Javel fue a protestar (seguro que el matrimonio no podía anularse tan fácilmente, ni siquiera en Mortmesne), pero entonces el boticario salió de detrás de la cortina verde. Era un individuo de escasa estatura, calvo y con gafas, y sostenía una cajita.
—Aquí tiene, señora —dijo ofreciéndole la caja a Allie. Él también hablaba en tear, y eso sorprendió a Javel, que hasta entonces no había oído hablar en tear por las calles de Demesne y no había tenido más remedio que recurrir a sus escasos conocimientos de mort—. Con esto tendrá suficientes para dos meses, y asegúrese de ingerirlas siempre con comida abundante. De otro modo, podrían acentuar sus mareos.

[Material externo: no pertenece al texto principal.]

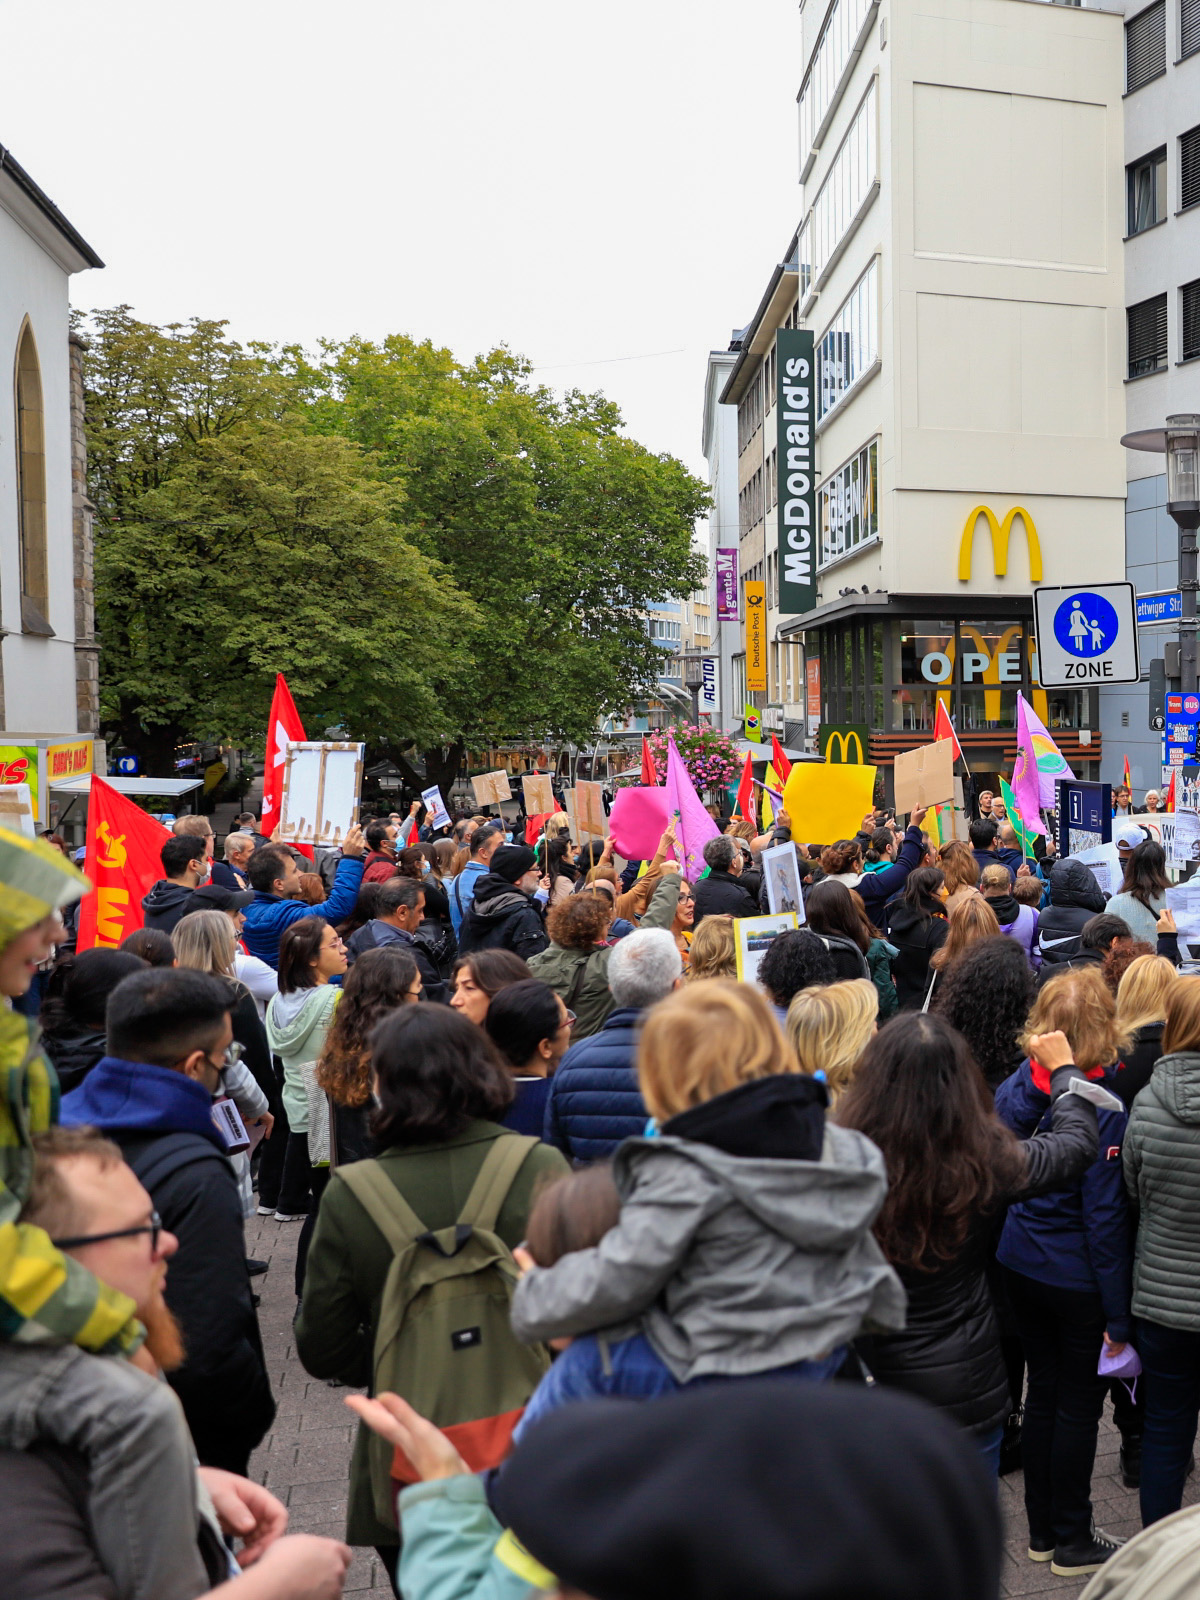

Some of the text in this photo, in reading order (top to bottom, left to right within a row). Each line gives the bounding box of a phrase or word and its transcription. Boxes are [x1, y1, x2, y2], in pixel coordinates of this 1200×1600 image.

[783, 357, 811, 586] McDonald's
[1137, 597, 1182, 618] ettwiger Str.
[752, 612, 760, 668] Deutsche Post
[921, 651, 1038, 683] OPE
[1064, 661, 1114, 679] ZONE
[1185, 701, 1198, 709] BUS

Allie asintió y sacó un monedero lleno de monedas.
—Gracias.
—Vuelva dentro de dos meses y le tendré preparada otra tanda, pero a partir del sexto mes tendrá que interrumpir el tratamiento para no perjudicar al bebé.
Al oír la última palabra, Javel sintió que lo sepultaba una ola de irrealidad. Apenas vio cómo Allie le entregaba unas monedas al boticario y se guardaba la cajita en su bolsa. El boticario los miró a uno y a otro y entonces, al percibir la tensión entre los dos, volvió a desaparecer detrás de la cortina.
—Estás embarazada —dijo Javel, pero no era una pregunta, sino solo una constatación.
—Sí. —Lo miró fijamente, desafiándolo a continuar.
—¿Qué vas a hacer?
—¿Que qué voy a hacer? Tener a mi hijo y criarlo debidamente.
—¡En un burdel! Allie lo taladró con la mirada.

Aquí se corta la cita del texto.